The dynamic nature of Yelp’s website can make web scraping Yelp reviews tricky. However, you can still scrape Yelp reviews using browser automation libraries that can execute JavaScript.
This tutorial shows you how to scrape Yelp using Python with Selenium, a powerful browser automation library.
How to Scrape Yelp Reviews: The Environment
This script uses two external Python libraries: Selenium and BeautifulSoup. Selenium enables you to navigate the Yelp website, run JavaScript, and extract the HTML code of the review page, while BeautifulSoup helps parse this code to extract the review data.
You can install both of the libraries using Python’s package manager pip.
pip install beautifulsoup4 selenium
In addition to these libraries, this code also uses Python’s built-in packages: json and time. The json module allows you to handle JSON data, including saving it as a file; the time module allows you to implement waits for HTML elements to load properly.
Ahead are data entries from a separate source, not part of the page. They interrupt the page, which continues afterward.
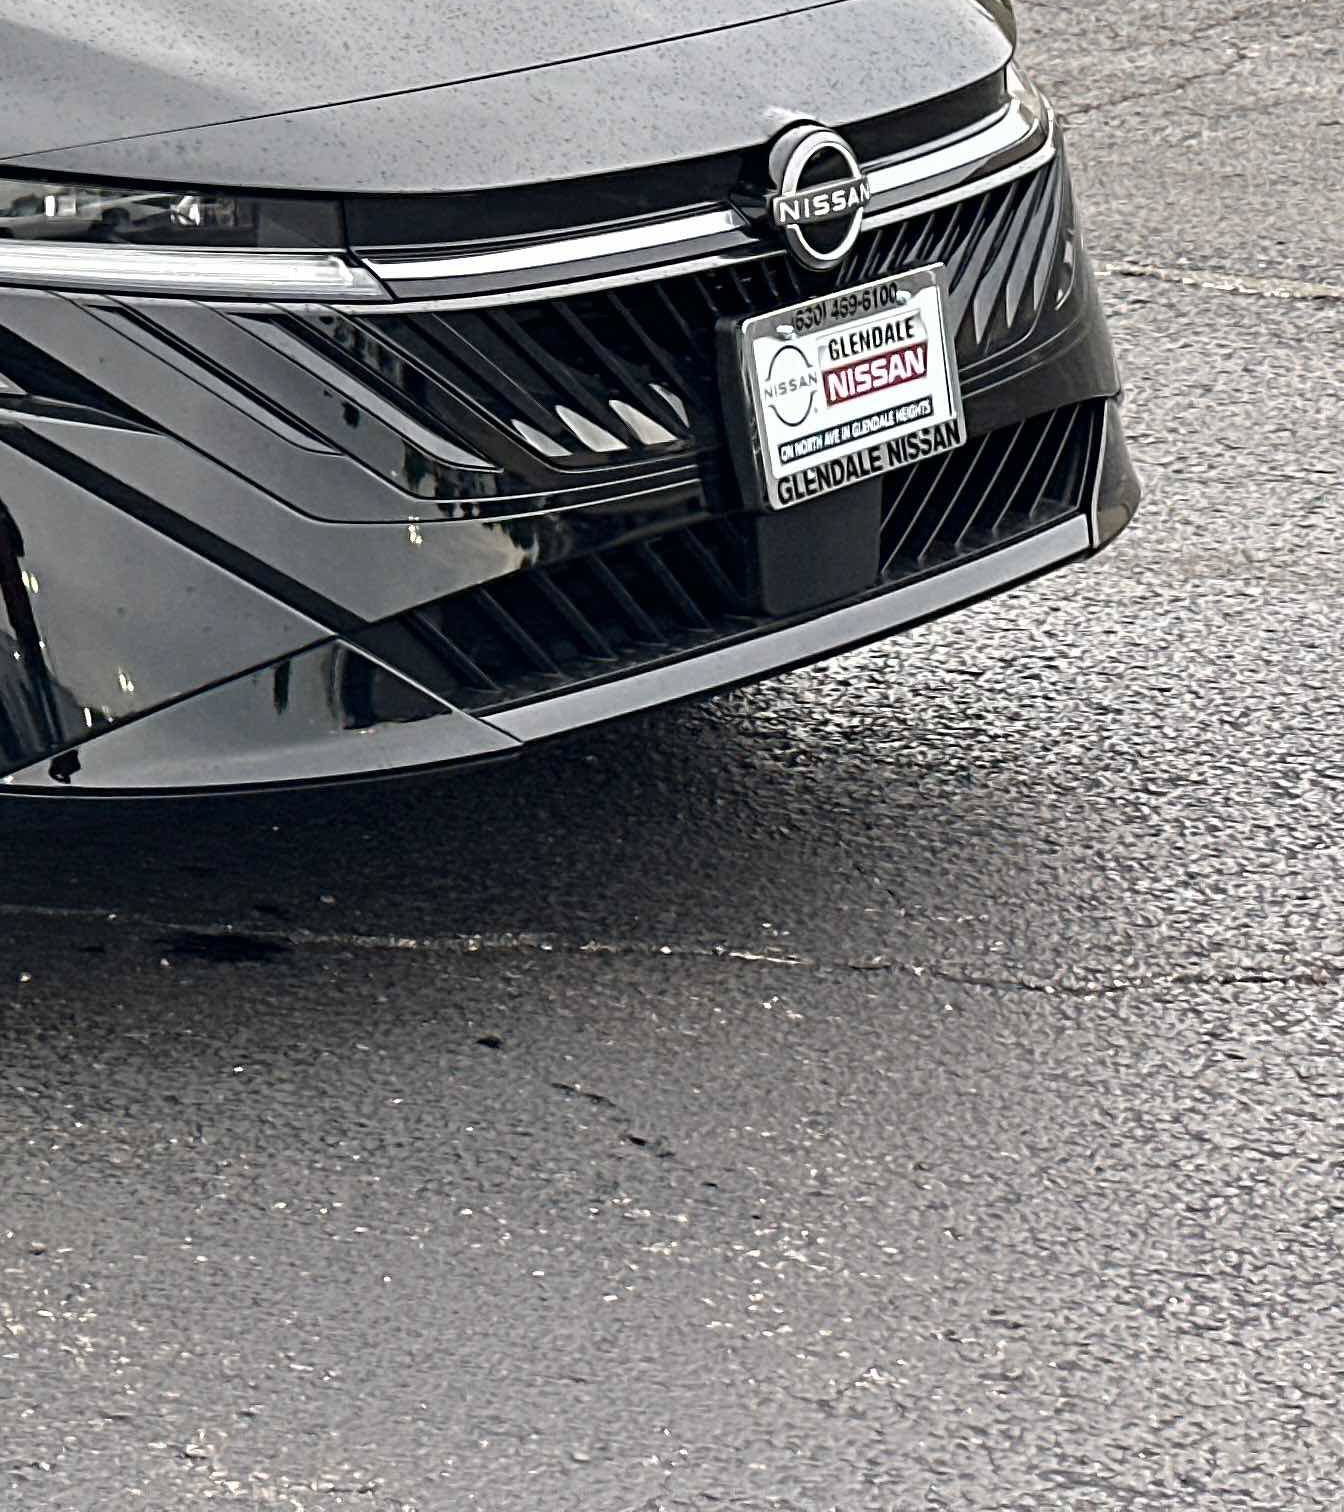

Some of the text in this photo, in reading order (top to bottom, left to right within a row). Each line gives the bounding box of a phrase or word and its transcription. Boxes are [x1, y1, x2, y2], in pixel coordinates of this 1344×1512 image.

[779, 182, 871, 223] NISSAN
[830, 282, 898, 320] 469-6100
[828, 317, 914, 361] GLENDALE
[764, 370, 818, 401] NISSAN
[826, 348, 927, 401] NISSAN
[851, 409, 895, 438] GLENDALE
[777, 419, 961, 506] GLENDALE NISSAN
How to Scrape Yelp Reviews: The Data Extracted
This tutorial scrapes five key data points from each review on Yelp:
- Reviewer’s name
- Reviewer’s address
- Rating
- Comment
- Review date
You’ll need to analyze the HTML source code of the review page to identify how to locate the elements containing these data points. Use developer tools to do so. Right-click on a data point, click ‘Inspect,’ and look for unique attributes.
How to Scrape Yelp Reviews: The Code
After understanding the attributes of the elements holding the required data, you can start writing your code.
Start by importing the necessary packages.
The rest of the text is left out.